11. After considering the nature and purpose of each separate account, the Boards of Directors of Allstate and Glenbrook have determined that the efficiency of the operations of the separate accounts could be improved, and the overall administration enhanced, by merging: (a) Glenbrook Multi-Manager and Glenbrook Separate Account A into Allstate Separate Account I; and (b) Glenbrook VL Account into Allstate VL Account. The Merger will be structured so there will be no change in the rights and benefits of persons having an interest in any of the Contracts issued by those Separate Accounts. Moreover, the Merger will not dilute or otherwise adversely affect the economic interests of the owners of the Contracts, nor will the Merger affect the values determined under the Contracts. Allstate will be responsible for the expenses incurred in connection with the Merger.

12. The consolidation of any overlapping sub-accounts will take place at their respective net asset values and each Glenbrook Contract owner holding units of interest in one of the merging sub-accounts will have those units exchanged for units of equal value in the corresponding surviving sub-account. The values of the exchanged interests under the Contracts will thus be equivalent. The accumulation unit values for these sub-accounts will not change, and the Contract value of any affected Contract owner immediately after the sub-account consolidation will be the same as the value immediately before the sub-account consolidation.

13. The Merger provides for the transfer of Glenbrook Multi-Manager and Glenbrook Separate Account A assets to Allstate Separate Account I and the assumption of the liabilities and contractual obligations of each of Glenbrook Multi-Manager and Glenbrook Separate Account A by Allstate Separate Account I in return for the crediting of accumulation units of Allstate Separate Account I to Glenbrook Multi-Manager and Glenbrook Separate Account A contract owners. Once this process has been completed, the units of Glenbrook Multi-Manager and Glenbrook Separate Account A would be cancelled, Glenbrook Multi-Manager and Glenbrook Separate Account A would each submit an application to the Commission pursuant to Section 8(f) of the Act to effect its deregistration as an investment company and would cease to exist, and Allstate Separate Account I would continue to exist.

14. Immediately following the Merger, each Glenbrook Multi-Manager and Glenbrook Separate Account A contract owner will possess a number of Allstate Separate Account I units (both full and fractional) that, when multiplied by the unit value of Allstate Separate Account I units, would result in an aggregate unit value equal to the aggregate unit value of the units the contract owner had in the respective Separate Account immediately before the consummation of the Merger.

15. The Merger also provides for the transfer of Glenbrook VL Account assets to Allstate VL Account and the assumption of the liabilities and contractual obligations of Glenbrook VL Account by Allstate VL Account in return for the crediting of accumulation units of Allstate VL Account to Glenbrook VL Account contract owners. Once this process has been completed, the units of Glenbrook VL Account would be cancelled, Glenbrook VL Account would submit an application to the Commission pursuant to Section 8(f) of the Act to effect its deregistration as an investment company and would cease to exist, and Allstate VL Account would continue to exist.

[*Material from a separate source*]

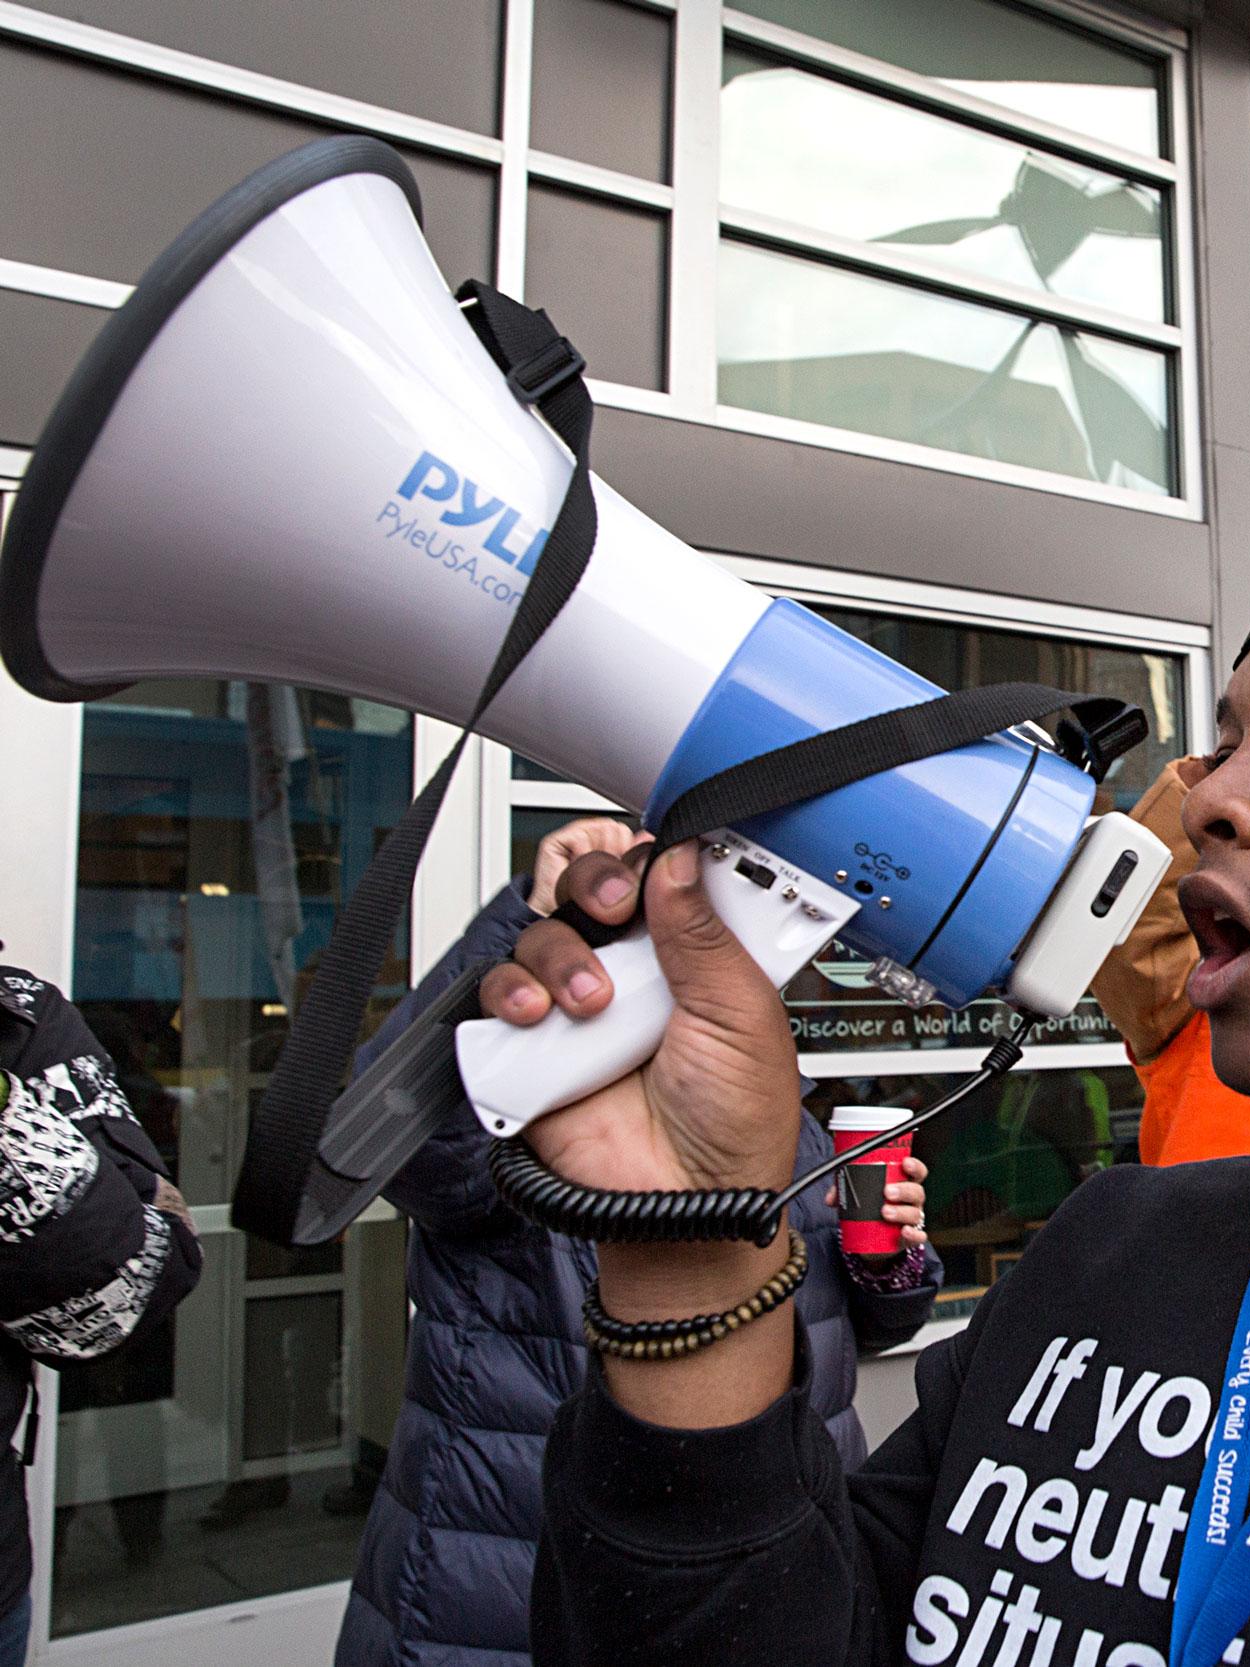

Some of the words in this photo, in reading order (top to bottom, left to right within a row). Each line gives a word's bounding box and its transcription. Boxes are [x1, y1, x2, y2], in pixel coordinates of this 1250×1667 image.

16. Immediately following the Merger, each Glenbrook VL Account contract owner will possess a number of Allstate VL Account units (both full and fractional) that, when multiplied by the unit value of Allstate VL Account units, would result in an aggregate unit value equal to the aggregate unit value of the units the contract owner had in the respective Separate Account immediately before the consummation of the Merger.

17. Upon the effective date of the Merger, Allstate will succeed to all of the business and operations of Glenbrook, including the obligations pursuant to the Glenbrook contracts. Allstate will distribute to each existing Glenbrook contract owner: (a) A contract rider indicating that such contracts are thereafter funded by the surviving separate account; (b) a letter informing such contract owners of the Merger; and (c) prospectus disclosure that reflects Allstate's sponsorship of the surviving separate account as a result of the merger.

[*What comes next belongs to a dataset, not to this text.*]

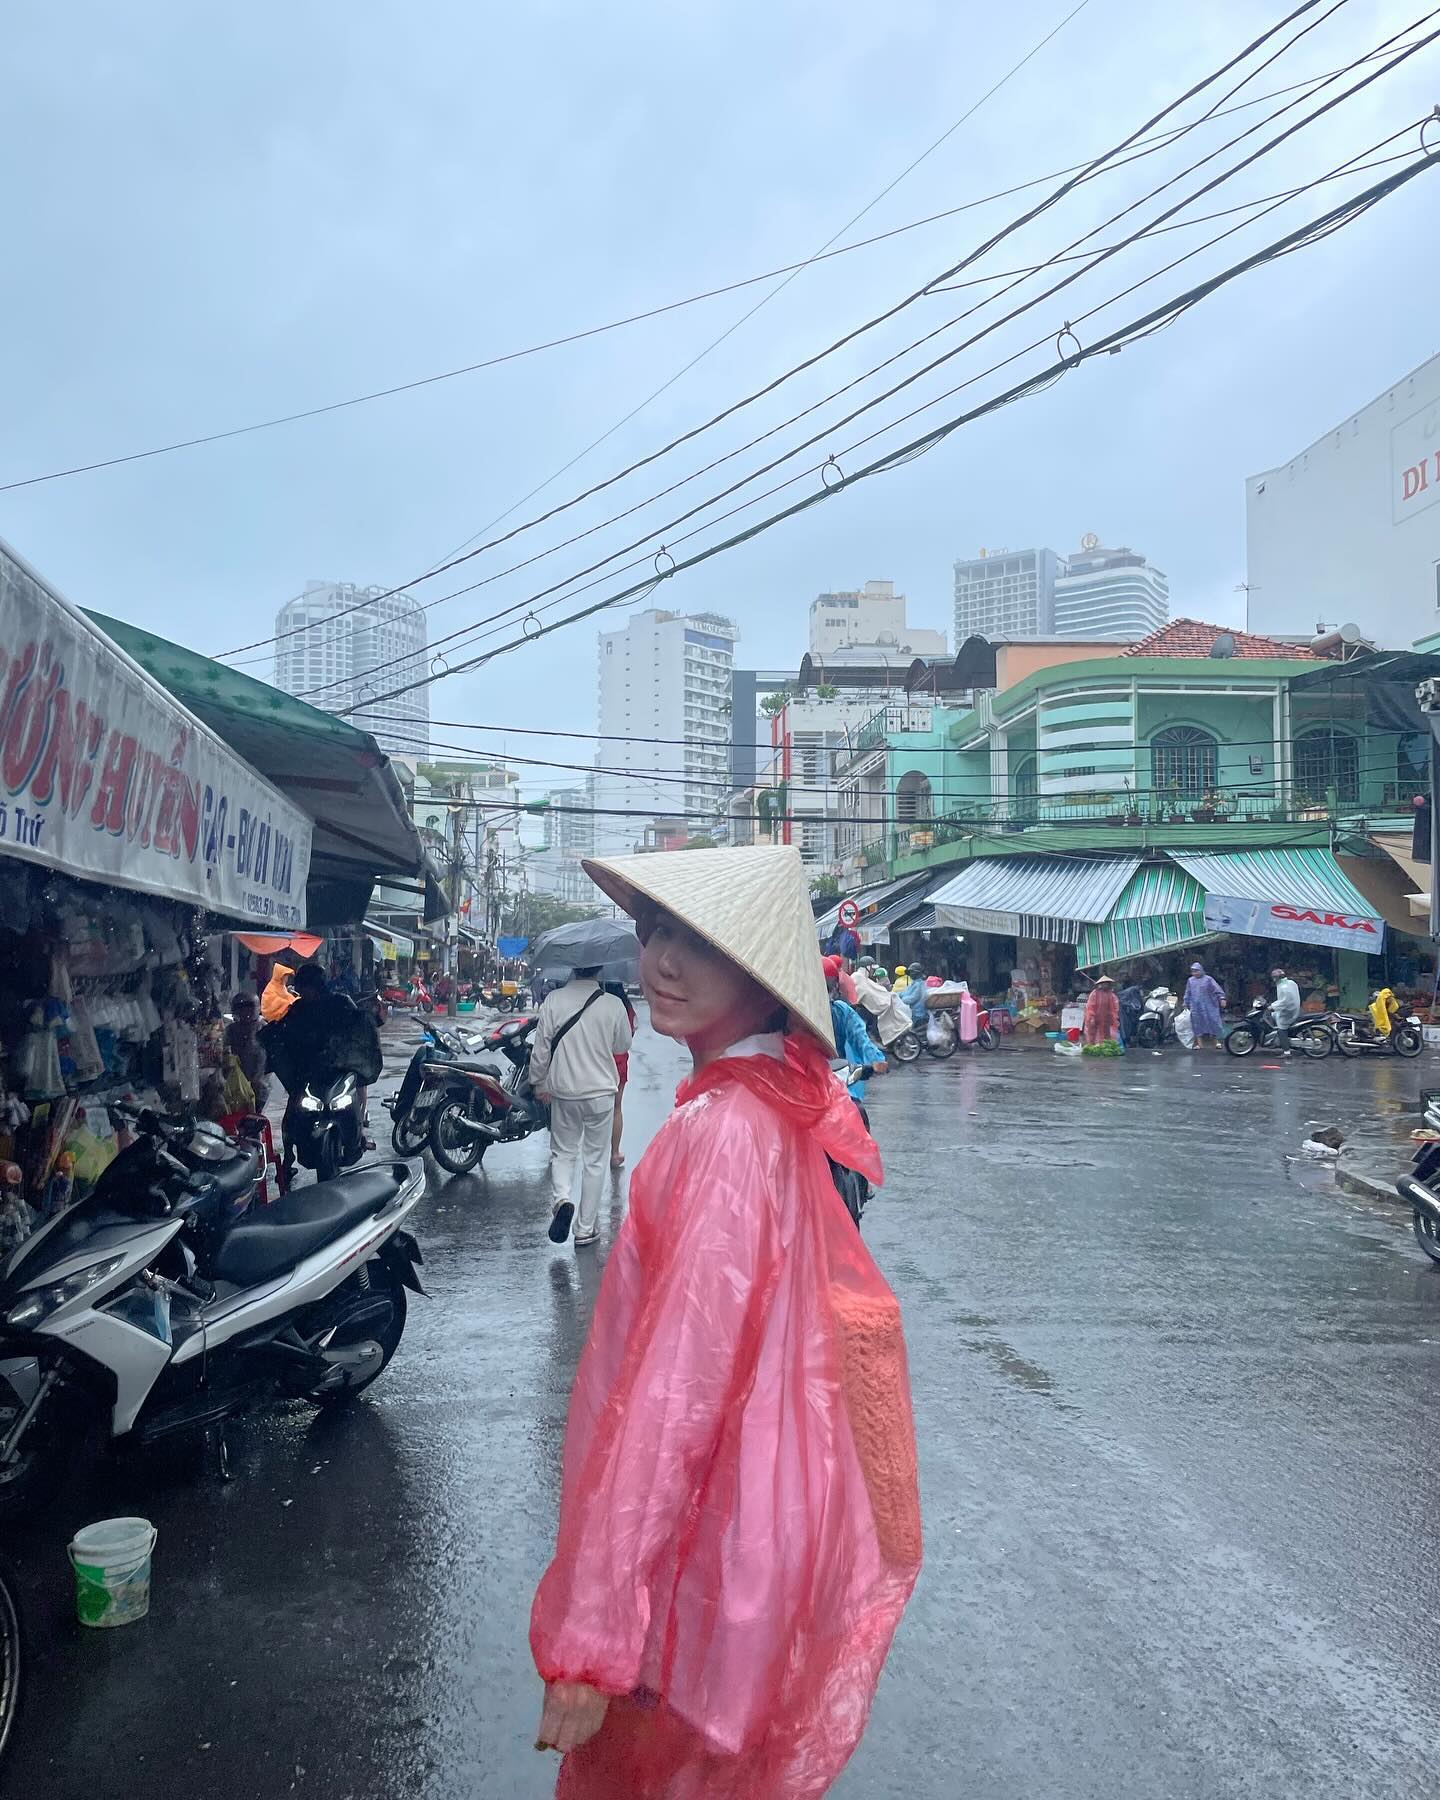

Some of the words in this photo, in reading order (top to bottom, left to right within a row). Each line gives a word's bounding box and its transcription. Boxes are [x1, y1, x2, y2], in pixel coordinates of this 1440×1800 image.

[1402, 458, 1428, 501] DI
[15, 807, 45, 847] Trứ
[1271, 905, 1377, 933] SAKA

18. Allstate and Glenbrook assert that the Merger will have no tax consequences for Glenbrook contract owners. In addition, no payments will be required or charges imposed under the Glenbrook contracts in connection with, or by virtue of, the Merger that would not otherwise be required or imposed.

Applicants' Legal Analysis

1. Section 17(a) of the Act provides generally that it is unlawful for any affiliated person of a registered investment company, or any affiliated person of such a person, acting as principal to knowingly purchase or to sell any security or other property from or to such registered company.

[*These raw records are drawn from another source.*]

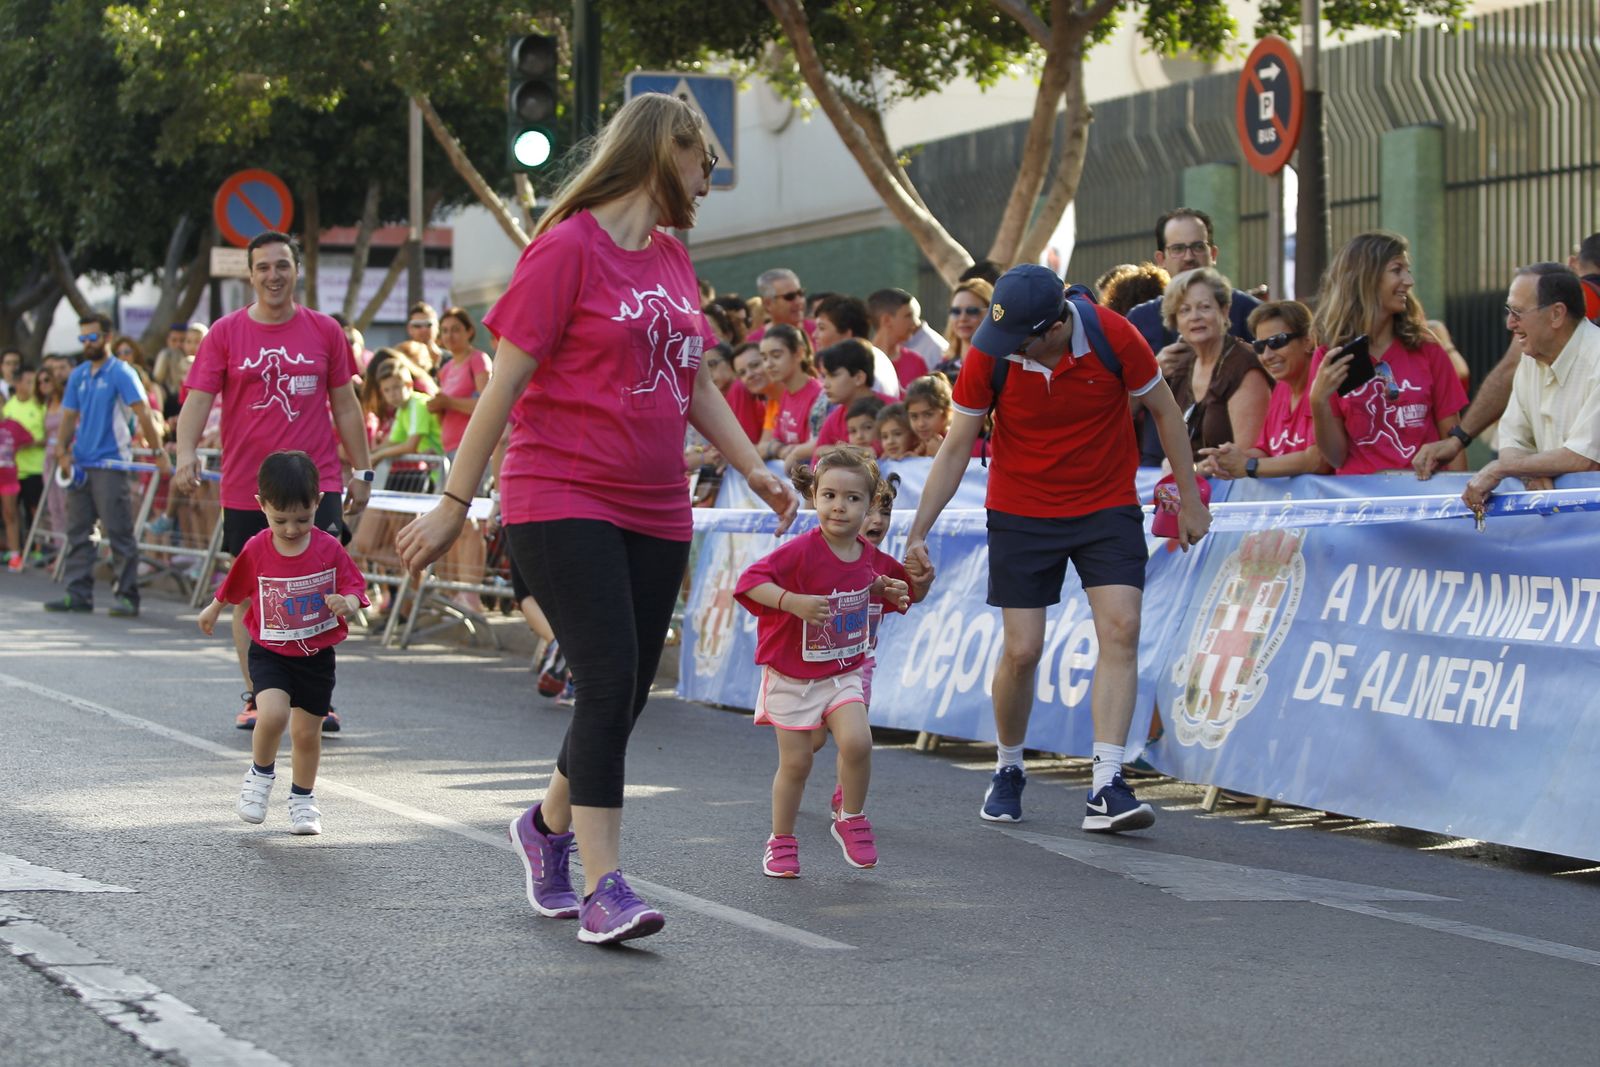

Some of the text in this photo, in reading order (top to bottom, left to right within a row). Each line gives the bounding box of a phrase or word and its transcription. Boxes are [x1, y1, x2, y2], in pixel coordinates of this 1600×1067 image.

[1263, 97, 1271, 115] P
[1258, 127, 1276, 143] BUS
[283, 593, 323, 615] 175
[1293, 641, 1358, 707] DE
[1352, 645, 1526, 731] ALMERÍA

2. Section 17(b) of the Act provides generally that the Commission may grant an order exempting a transaction otherwise prohibited by Section 17(a) of the Act if evidence establishes that: (a) The terms of the proposed transaction, including the consideration to be paid or received, are reasonable and fair and do not involve overreaching on the part of any person concerned; (b) the proposed transaction is consistent with the policy of each registered investment company concerned; and (c) the proposed transaction is consistent with the general purposes of the Act.

3. The Merger may be subject to the provisions of Section 17(a) of the Act because it could be viewed as involving an investment company (Glenbrook Multi-Manager, Glenbrook Separate Account A, Glenbrook VL Account) selling its assets to another investment company (Allstate Separate Account I, Allstate VL Account) that is affiliated by reason of having sponsoring insurance companies that are under common control, or by reason of having common directors.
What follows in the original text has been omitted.